A questão dos Organismos Geneticamente Modificados (OGMs) é um tema sensível que permeia as discussões sobre segurança alimentar e direito à informação no Brasil. Desde o início da comercialização de produtos transgênicos no país, debates regulatórios e jurídicos buscaram balancear a transparência para o consumidor com a viabilidade econômica para a indústria.
A recente decisão do Superior Tribunal de Justiça (STJ) sobre a rotulagem de OGMs reafirmou a validade do Decreto nº 4.680/2003, que permite a rotulagem apenas para produtos que contêm mais de 1% de OGMs.
Esta decisão sinaliza uma interpretação que considera a proporcionalidade e a necessidade econômica do setor, com implicações diretas para a forma como a informação sobre OGMs será apresentada ao consumidor.
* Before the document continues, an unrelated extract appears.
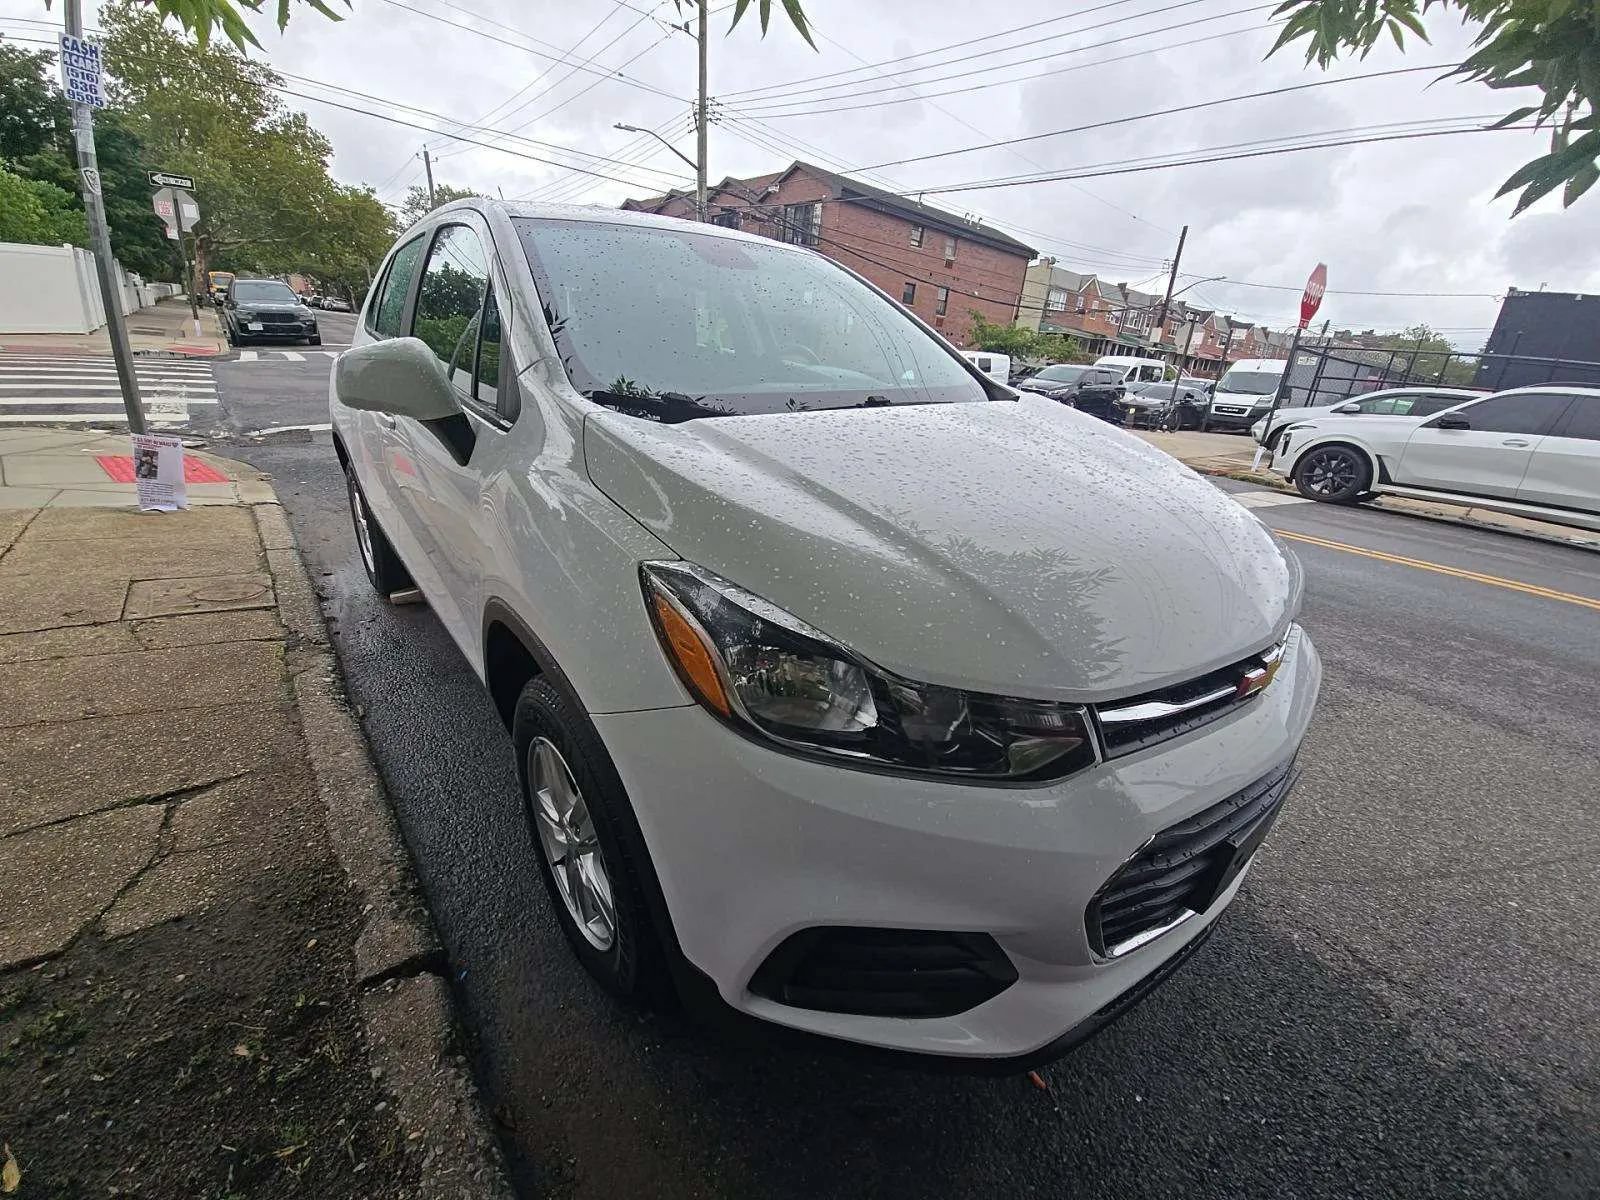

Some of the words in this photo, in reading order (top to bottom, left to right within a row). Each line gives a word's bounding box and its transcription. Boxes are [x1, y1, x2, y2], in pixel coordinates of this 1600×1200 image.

[66, 66, 99, 84] (516)
[69, 78, 98, 95] 636
[66, 88, 104, 107] 9595
[1303, 281, 1324, 305] STOP
Contexto Histórico: Ações Regulatórias e Demandas Legais sobre OGMs
No Brasil, a rotulagem de OGMs começou formalmente a ser regulamentada com o Decreto nº 3.871/2001, que estabelecia que produtos com mais de 4% de OGMs deveriam informar essa presença em seus rótulos. Esse limite, considerado elevado, foi posteriormente reduzido para 1% pelo Decreto nº 4.680/2003.
Decreto nº 4.680/2003,
Art. 2o Na comercialização de alimentos e ingredientes alimentares destinados ao consumo humano ou animal que contenham ou sejam produzidos a partir de organismos geneticamente modificados, com presença acima do limite de um por cento do produto, o consumidor deverá ser informado da natureza transgênica desse produto.
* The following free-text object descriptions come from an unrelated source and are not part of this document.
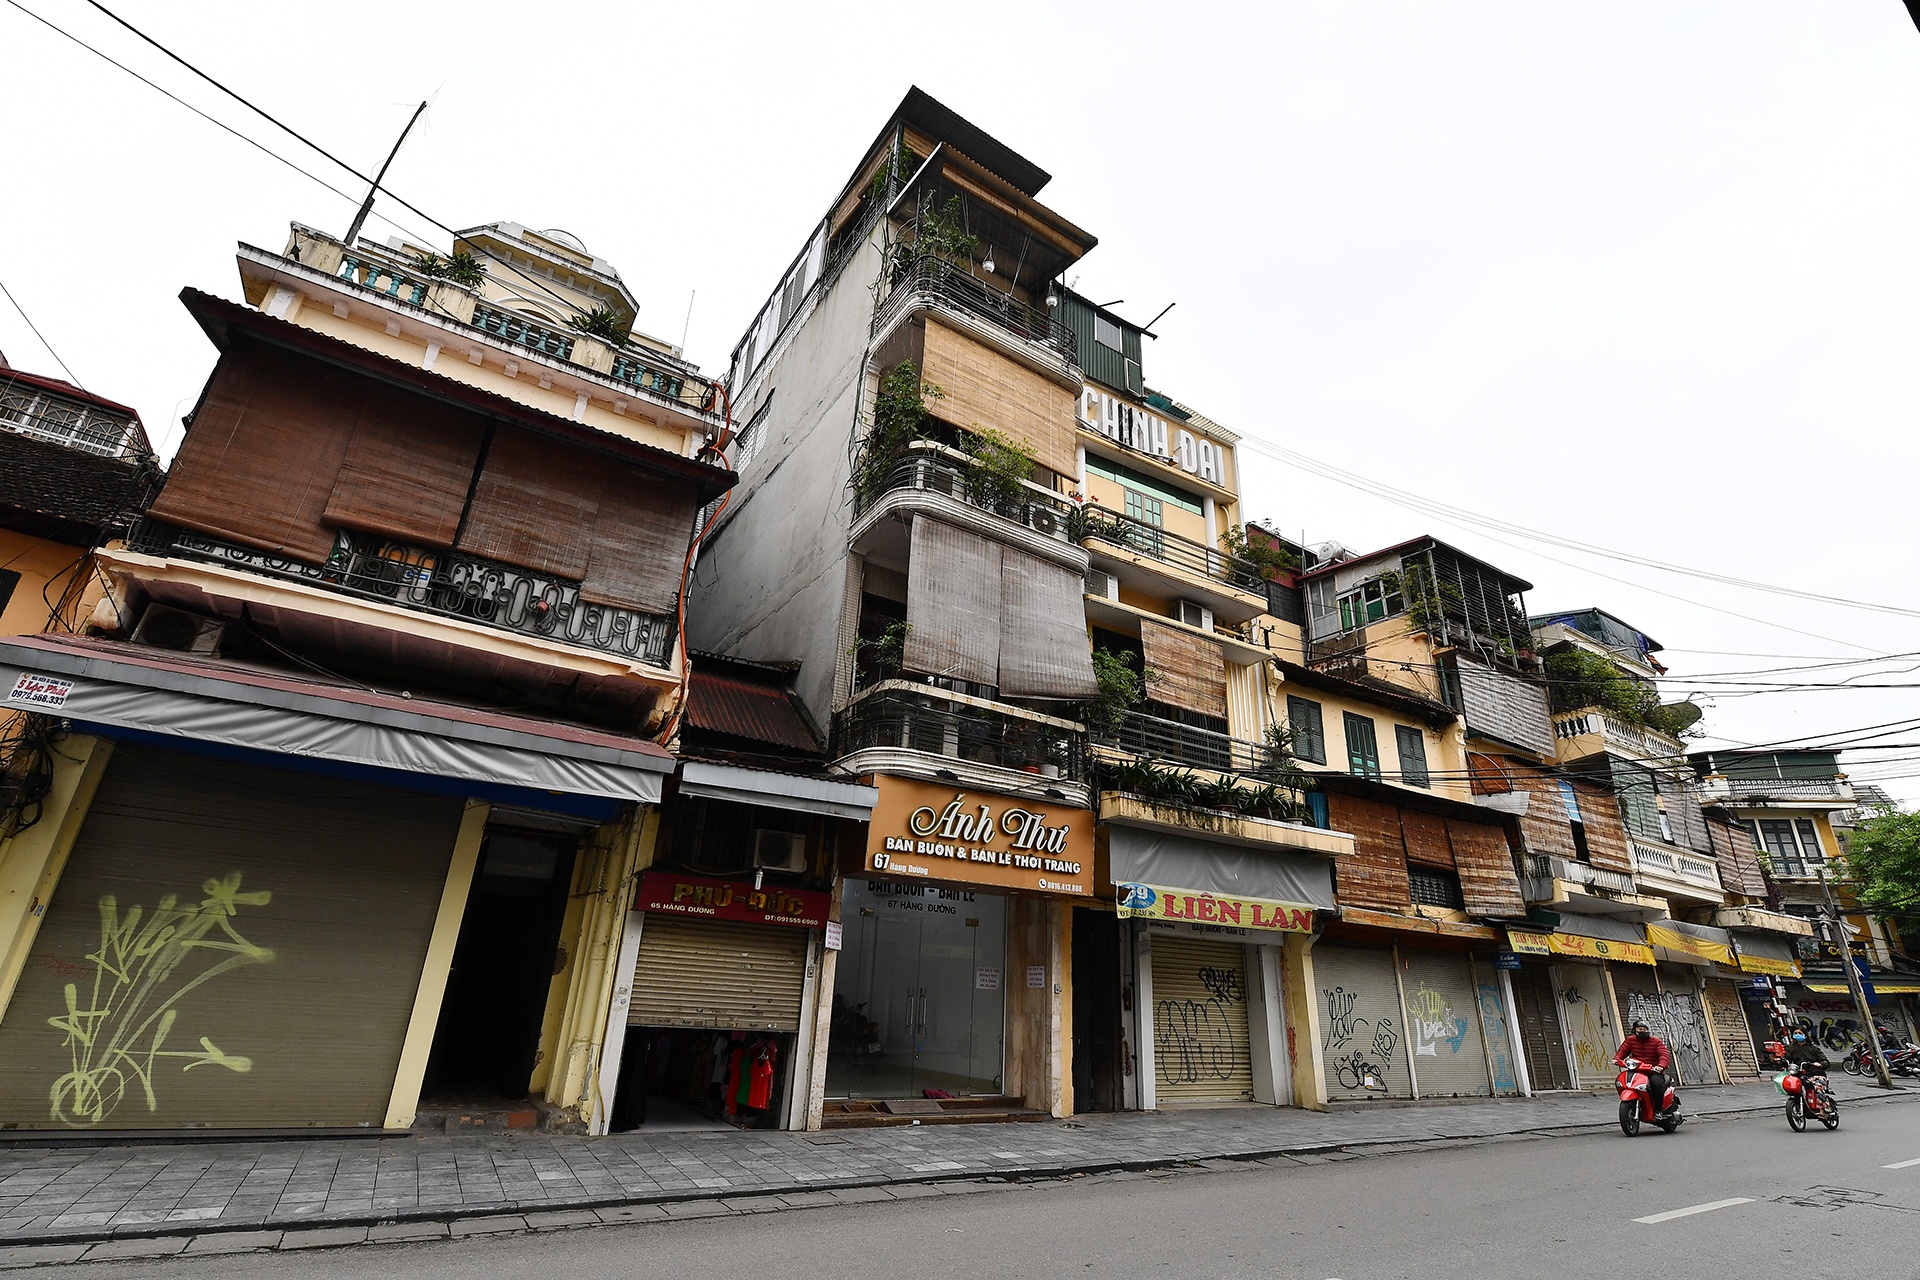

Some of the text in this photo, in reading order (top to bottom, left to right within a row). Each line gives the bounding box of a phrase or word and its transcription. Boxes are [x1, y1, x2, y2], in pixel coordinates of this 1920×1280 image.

[17, 679, 27, 689] 5
[25, 681, 45, 694] Lộc
[11, 689, 65, 705] 0979.568.333
[909, 793, 1070, 854] Ánh Thư
[873, 853, 891, 871] 67
[886, 836, 914, 853] BÁN
[917, 840, 954, 859] BUÔN
[957, 845, 967, 860] &
[970, 848, 996, 864] BÁN
[1044, 858, 1081, 874] TRANG
[650, 902, 661, 910] 65
[663, 903, 685, 912] HÀNG
[888, 900, 957, 915] 67 HÀNG ĐƯỜNG
[1162, 892, 1313, 931] LIÊN LAN
O novo decreto visava ampliar a transparência para o consumidor, garantindo que alimentos com presença significativa de OGMs fossem rotulados, permitindo escolhas informadas. No entanto, a questão continuou a ser objeto de intenso debate judicial, especialmente sobre a necessidade de rotulagem mesmo para quantidades menores de OGMs.
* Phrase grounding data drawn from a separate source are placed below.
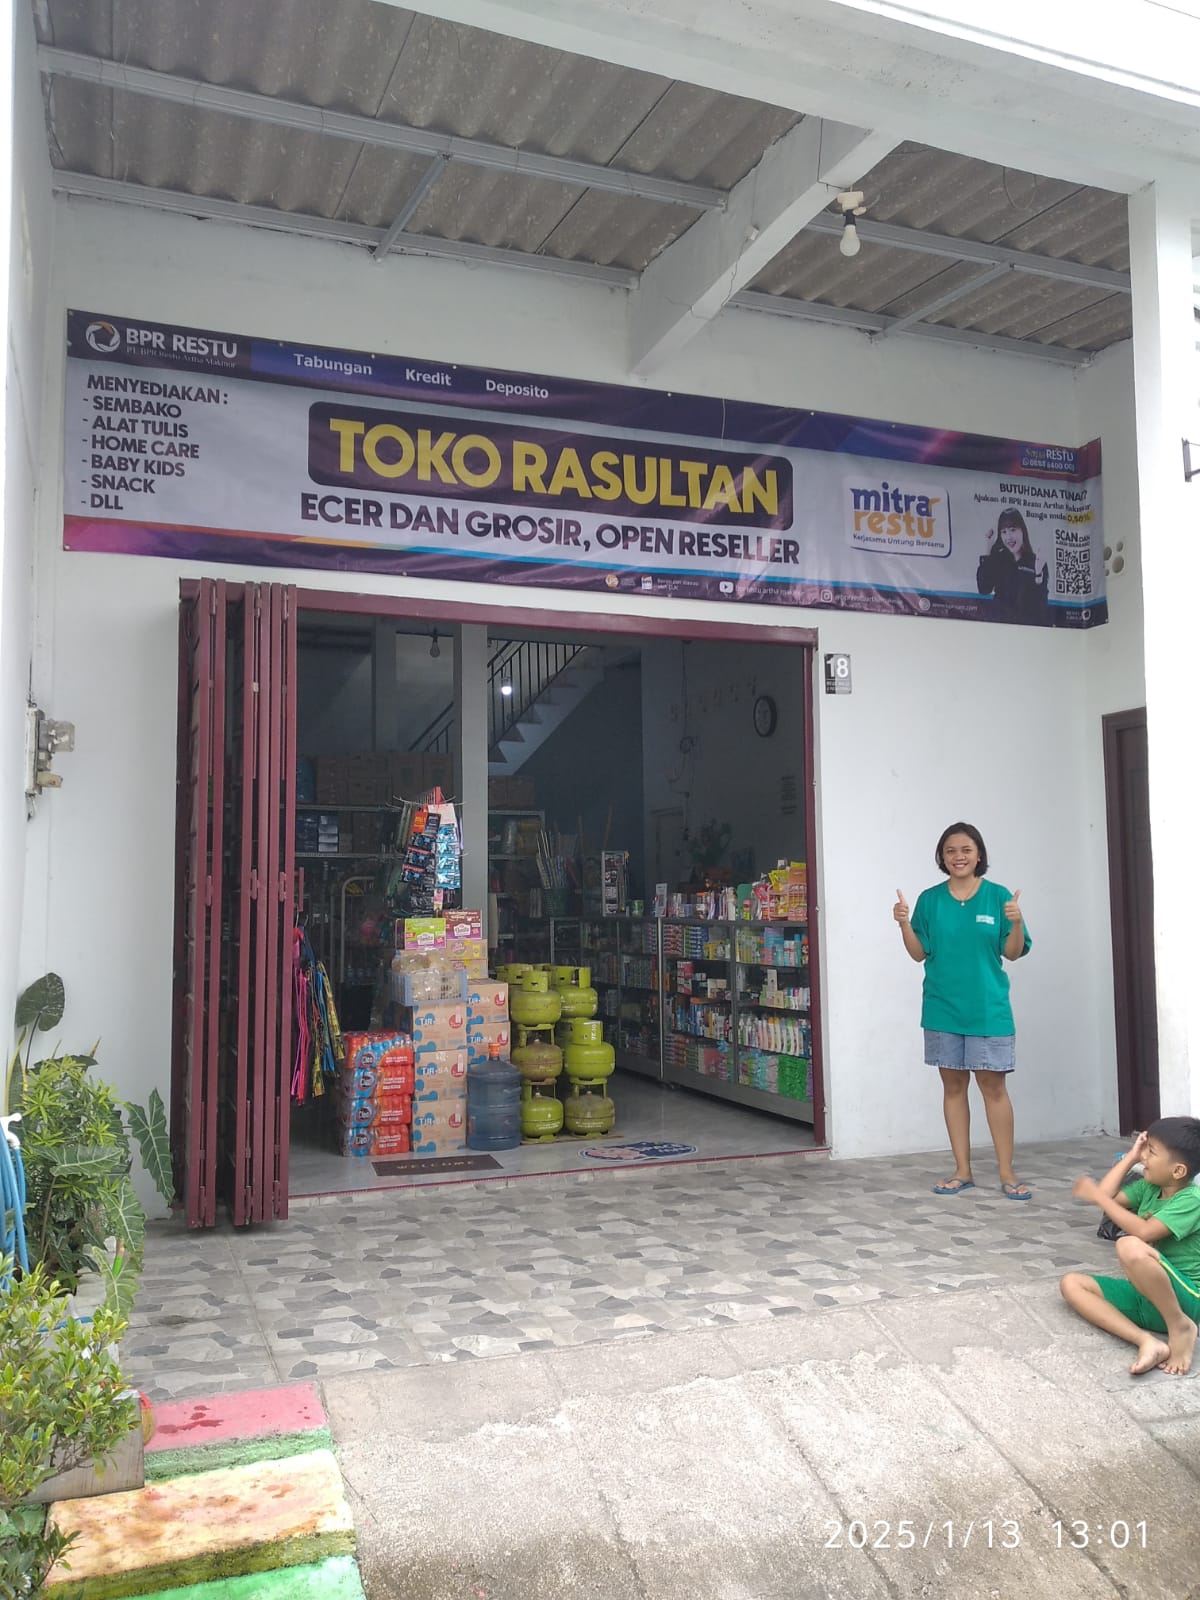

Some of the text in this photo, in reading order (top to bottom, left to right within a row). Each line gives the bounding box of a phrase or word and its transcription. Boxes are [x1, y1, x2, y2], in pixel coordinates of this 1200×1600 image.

[126, 327, 238, 359] BPR RESTU
[294, 353, 373, 377] Tabungan
[405, 368, 452, 387] Kredit
[485, 379, 549, 399] Deposito
[92, 395, 182, 418] SEMBAKO
[92, 416, 139, 434] ALAT
[141, 420, 189, 438] TULIS
[91, 435, 147, 455] HOME
[151, 441, 200, 459] CARE
[91, 455, 140, 473] BABY
[144, 459, 186, 477] KIDS
[329, 418, 779, 516] TOKO RASULTAN
[91, 475, 155, 494] SNACK
[1000, 483, 1030, 496] BUTUH
[1030, 487, 1058, 500] DANA
[90, 494, 124, 510] DLL
[849, 481, 934, 518] mitra
[853, 511, 937, 539] restu
[1025, 510, 1048, 523] Bunga
[301, 492, 800, 565] ECER DAN GROSIR, OPEN RESELLER
[1055, 529, 1079, 543] SCAN
[853, 533, 945, 549] Kerjasama Untung Bersama
[826, 657, 849, 678] 18
Em 2016, o Ministro Edson Fachin, em decisão proferida no Supremo Tribunal Federal (STF) sobre o tema, reforçou o entendimento de que o direito à informação, previsto no artigo 6º do Código de Defesa do Consumidor (CDC), deveria garantir ao consumidor o máximo de transparência.
Essa decisão considerou que qualquer presença de OGMs deveria ser indicada nos rótulos, independentemente do percentual (baixe aqui a decisão), baseando-se no princípio da informação plena e na transparência, que o CDC resguarda como direitos fundamentais do consumidor.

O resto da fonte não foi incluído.